1. Construct any triangle ABC.

2. Construct the Orthocenter H of triangle ABC.

3. Construct the Orthocenter of triangle HBC.

4. Construct the Orthocenter of triangle HAB.

5. Construct the Orthocenter of triangle HAC.

6. Construct the Circumcircles of triangles ABC, HBC, HAB, and HAC.

7. Conjectures? Proofs?

GSP file : Nine point circles!

My conjecture is that the Circumcircles of triangles ABC, HBC, HAB, and HAC are the same size, and moreover, these four triangles have IDENTICAL nine point circles! A 9-point circle goes through the following points of a triangle: the 3 feet of the altitudes, the 3 midpoints of the sides, and the 3 vertices of a triangle formed by the midpoints of the segments connecting the orthocenter to each vertex. Consider the above picture, with the '12 o'clock' point on the 9-point circle being point 1, and increasing by as you go clockwise. (I did not want to label the points with numbers in the diagram)

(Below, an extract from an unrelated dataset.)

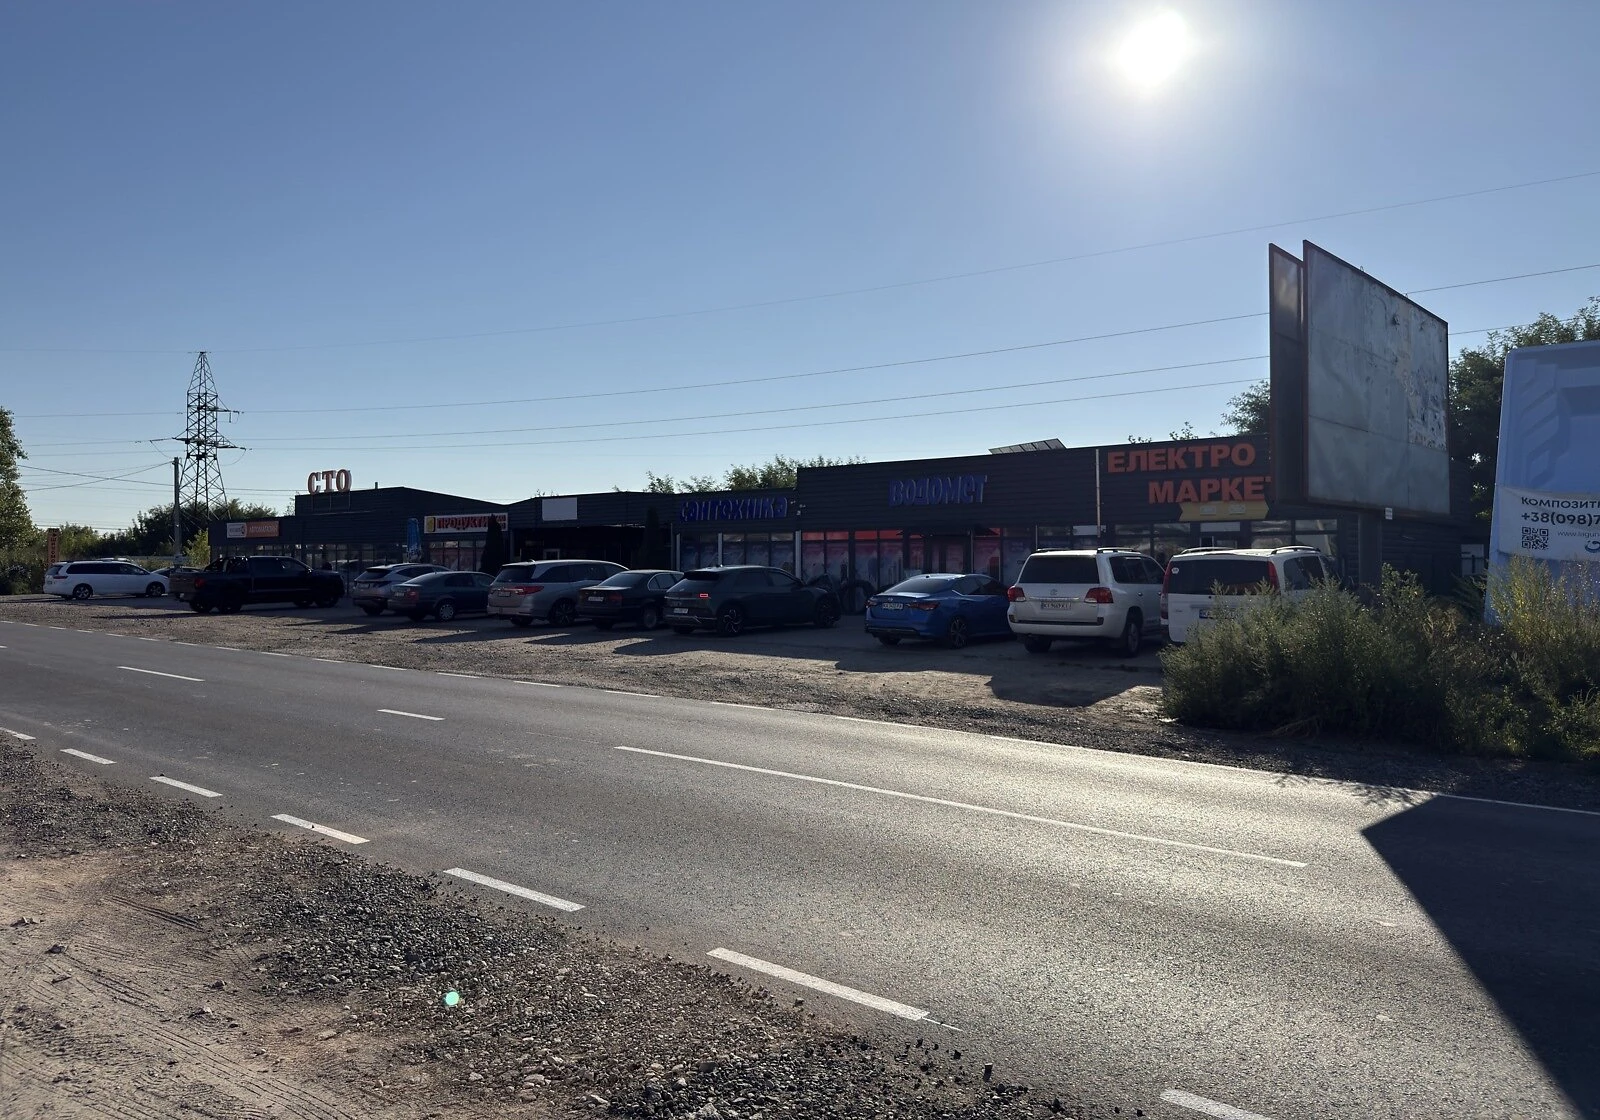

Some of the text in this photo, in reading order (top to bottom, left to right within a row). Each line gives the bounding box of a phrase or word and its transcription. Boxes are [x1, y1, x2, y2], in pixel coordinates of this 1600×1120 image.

[1107, 443, 1256, 473] ЕЛЕКТРО
[308, 469, 352, 495] СТО
[1148, 476, 1272, 505] МАРКЕ

The 9-point circle of Triangle ABC goes through points (1, 3, 4). These three points, in terms of Triangle HAB, are the midpoints of 2 of the sides and the foot of one of the altitudes. A similar conclusion can be made about points (9, 1, 7), and points (5, 4, 7). Since 3 points determine a circle (non linear), a simple combinatorics argument proves that the nine-point circles are equal.